▶ **AIM OF THE TASK**
Make an exact copy of the data below, leaving out every picture.

▶ **EXERCISE DATA**
= = = = = = =

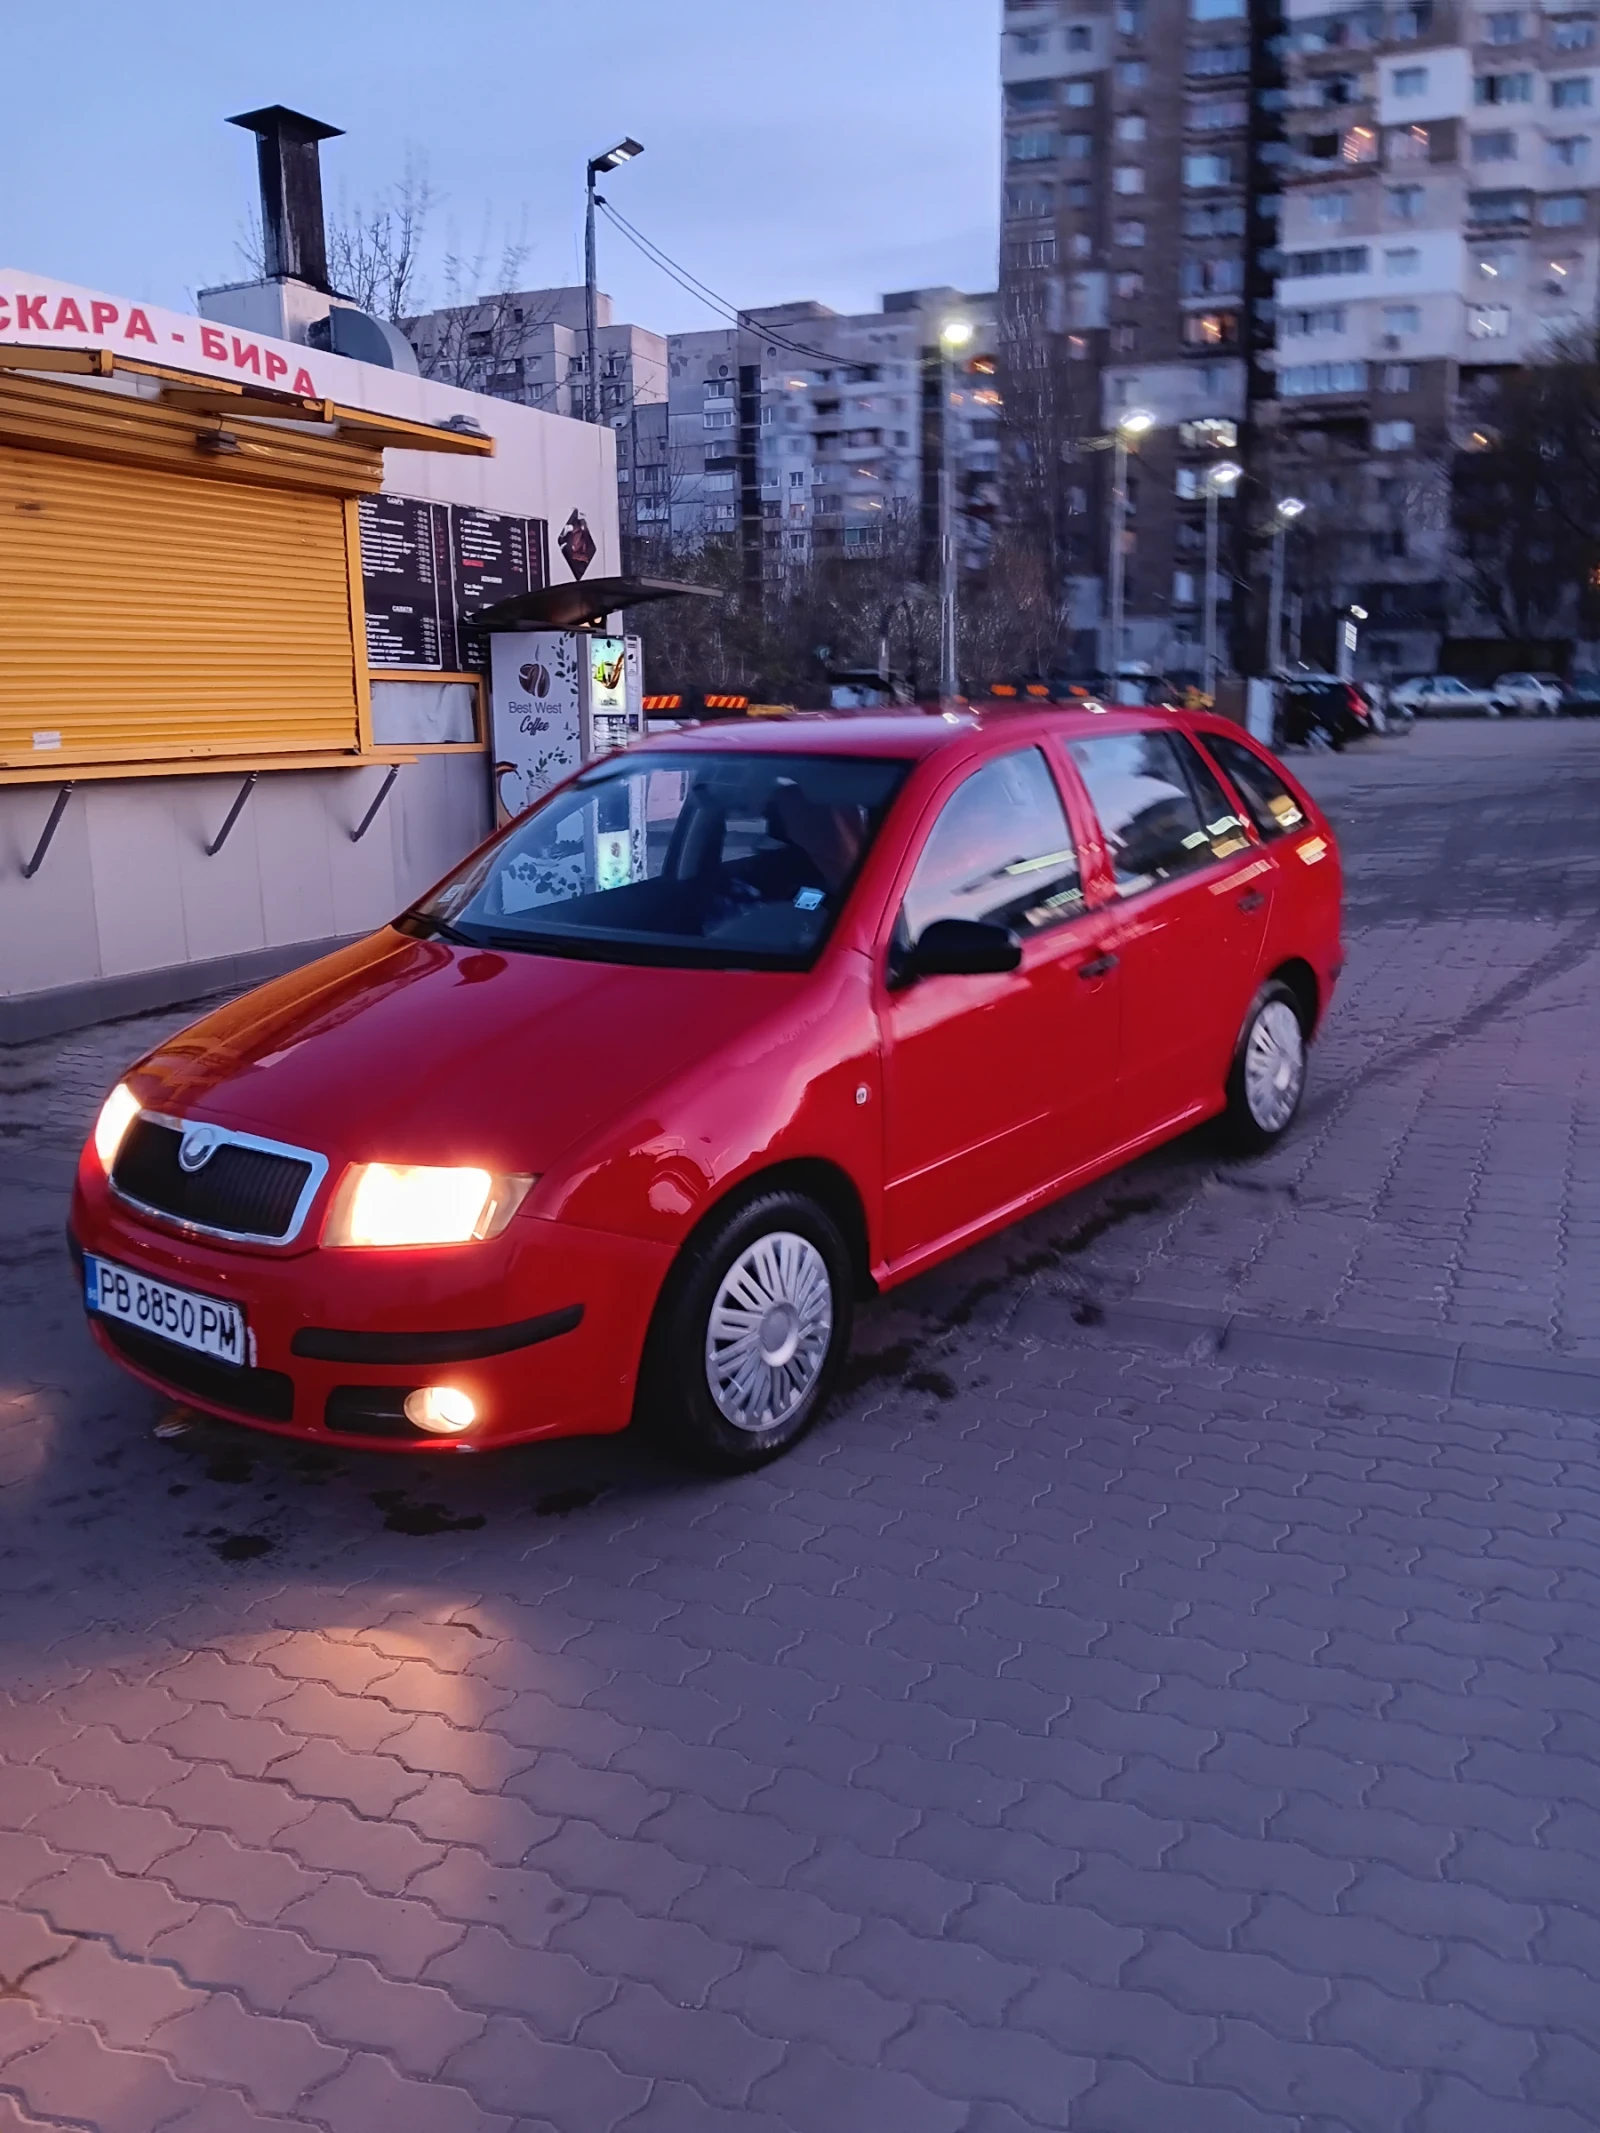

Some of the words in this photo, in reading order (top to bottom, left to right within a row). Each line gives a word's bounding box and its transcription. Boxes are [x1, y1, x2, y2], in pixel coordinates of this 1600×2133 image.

[200, 325, 317, 398] БИРА
[508, 701, 532, 714] Best
[534, 701, 562, 714] West
[519, 715, 550, 736] Coffee
[101, 1268, 130, 1313] PB
[137, 1282, 195, 1338] 8850
[200, 1304, 236, 1355] PM
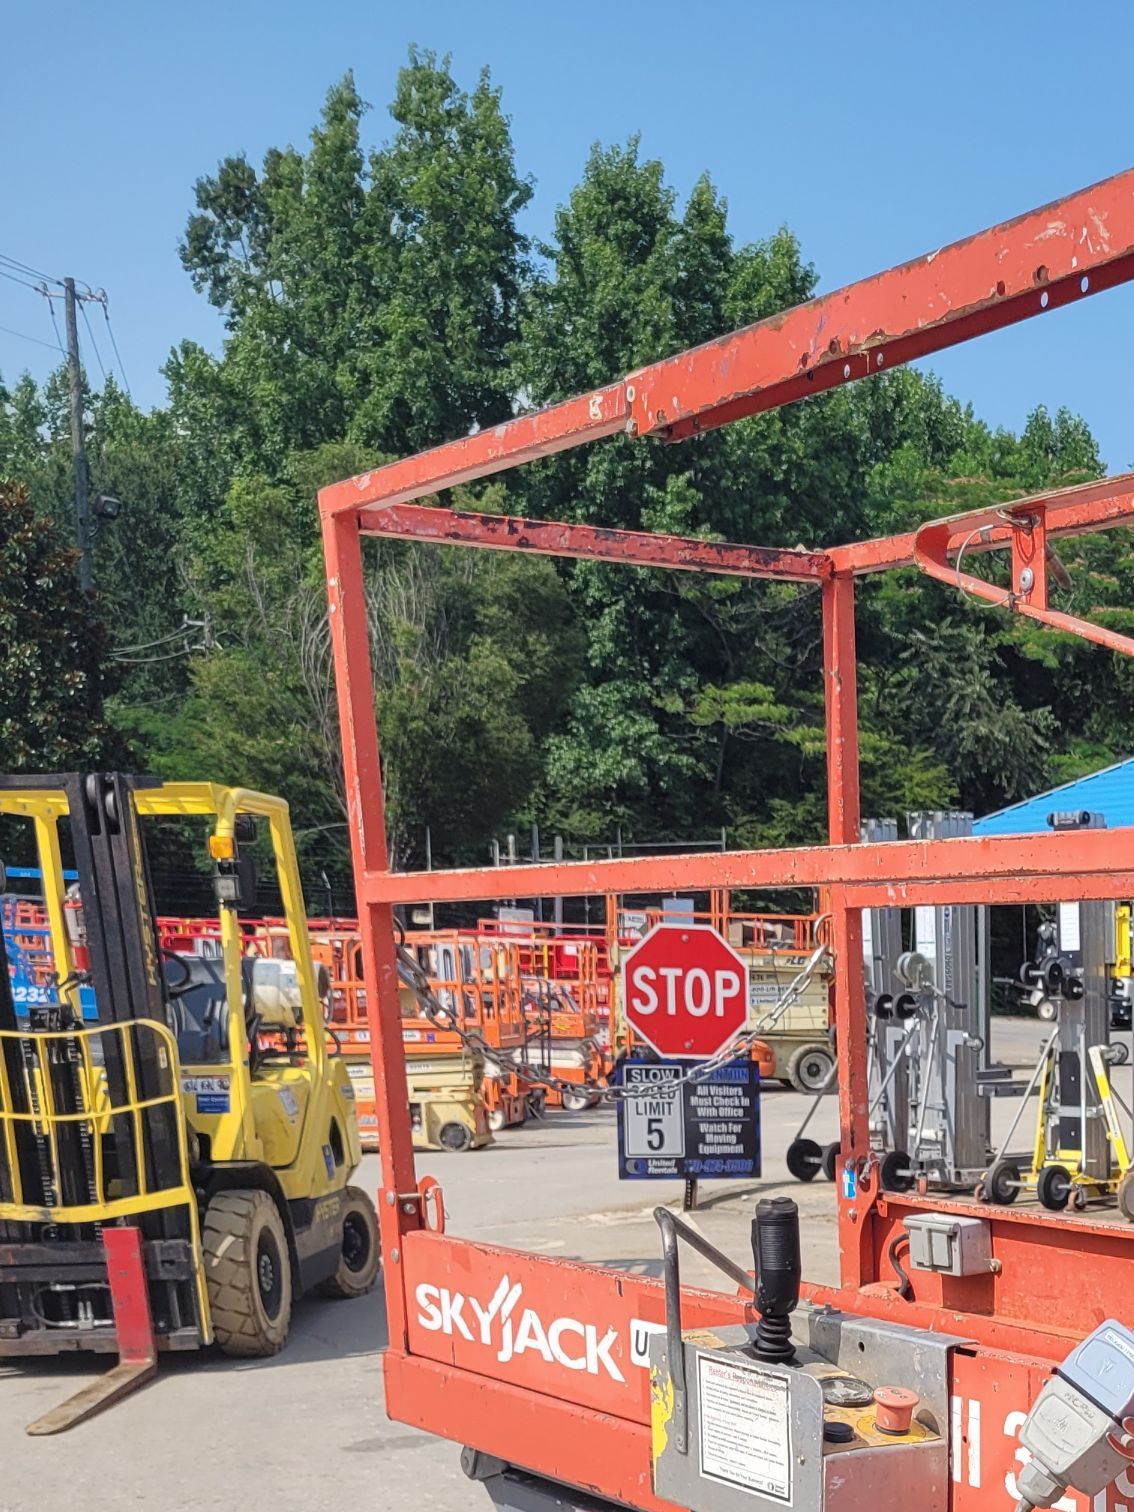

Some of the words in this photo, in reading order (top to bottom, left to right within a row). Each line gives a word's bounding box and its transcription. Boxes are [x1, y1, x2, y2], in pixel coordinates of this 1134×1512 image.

[631, 966, 741, 1017] STOP
[631, 1069, 675, 1083] SLOW
[696, 1085, 709, 1096] All
[710, 1085, 743, 1096] Visitors
[690, 1096, 712, 1107] Must
[713, 1096, 742, 1107] Check
[636, 1102, 674, 1116] LIMIT
[697, 1107, 718, 1117] With
[719, 1107, 744, 1117] Office
[699, 1123, 728, 1133] Watch
[729, 1123, 743, 1133] For
[647, 1118, 665, 1151] 5
[705, 1134, 737, 1144] Moving
[698, 1144, 744, 1155] Equipment
[648, 1159, 676, 1167] United
[648, 1166, 678, 1175] Rentals
[415, 1274, 626, 1383] SKYJACK
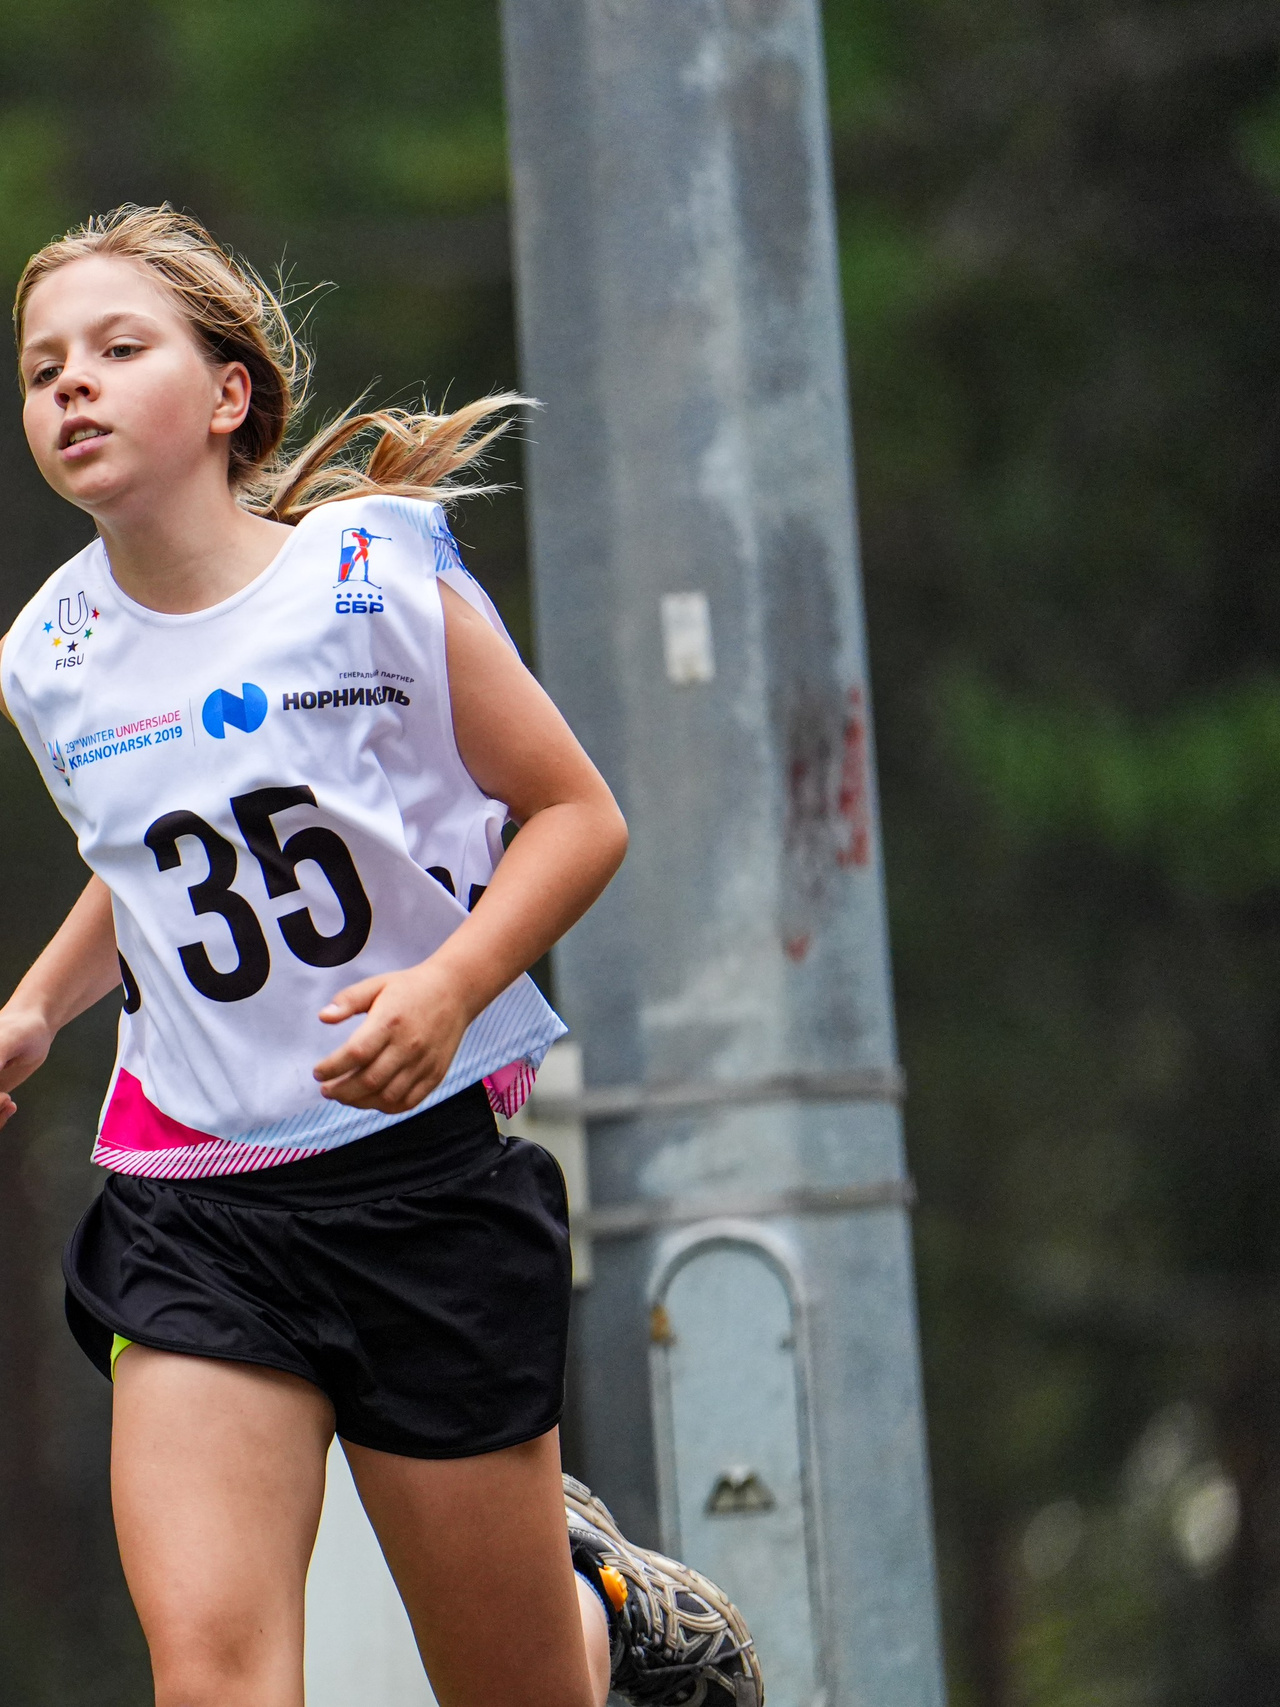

= = = = = = =

▶ **WRITTEN RESPONSE**
Some of the words in this photo, in reading order (top to bottom, left to right within a row). Each line gives a word's bounding box and its transcription. Boxes are [x1, y1, x2, y2], in pixel coordinates of this 1600×2133 image.

[200, 325, 317, 398] БИРА
[508, 701, 532, 714] Best
[534, 701, 562, 714] West
[519, 715, 550, 736] Coffee
[101, 1268, 130, 1313] PB
[137, 1282, 195, 1338] 8850
[200, 1304, 236, 1355] PM

Some of the words in this photo, in reading order (top to bottom, left to right within a row). Each line gives a word's bounding box and its transcription. Boxes are [x1, y1, x2, y2], in pixel coordinates of this 1134×1512 image.

[631, 966, 741, 1017] STOP
[631, 1069, 675, 1083] SLOW
[696, 1085, 709, 1096] All
[710, 1085, 743, 1096] Visitors
[690, 1096, 712, 1107] Must
[713, 1096, 742, 1107] Check
[636, 1102, 674, 1116] LIMIT
[697, 1107, 718, 1117] With
[719, 1107, 744, 1117] Office
[699, 1123, 728, 1133] Watch
[729, 1123, 743, 1133] For
[647, 1118, 665, 1151] 5
[705, 1134, 737, 1144] Moving
[698, 1144, 744, 1155] Equipment
[648, 1159, 676, 1167] United
[648, 1166, 678, 1175] Rentals
[415, 1274, 626, 1383] SKYJACK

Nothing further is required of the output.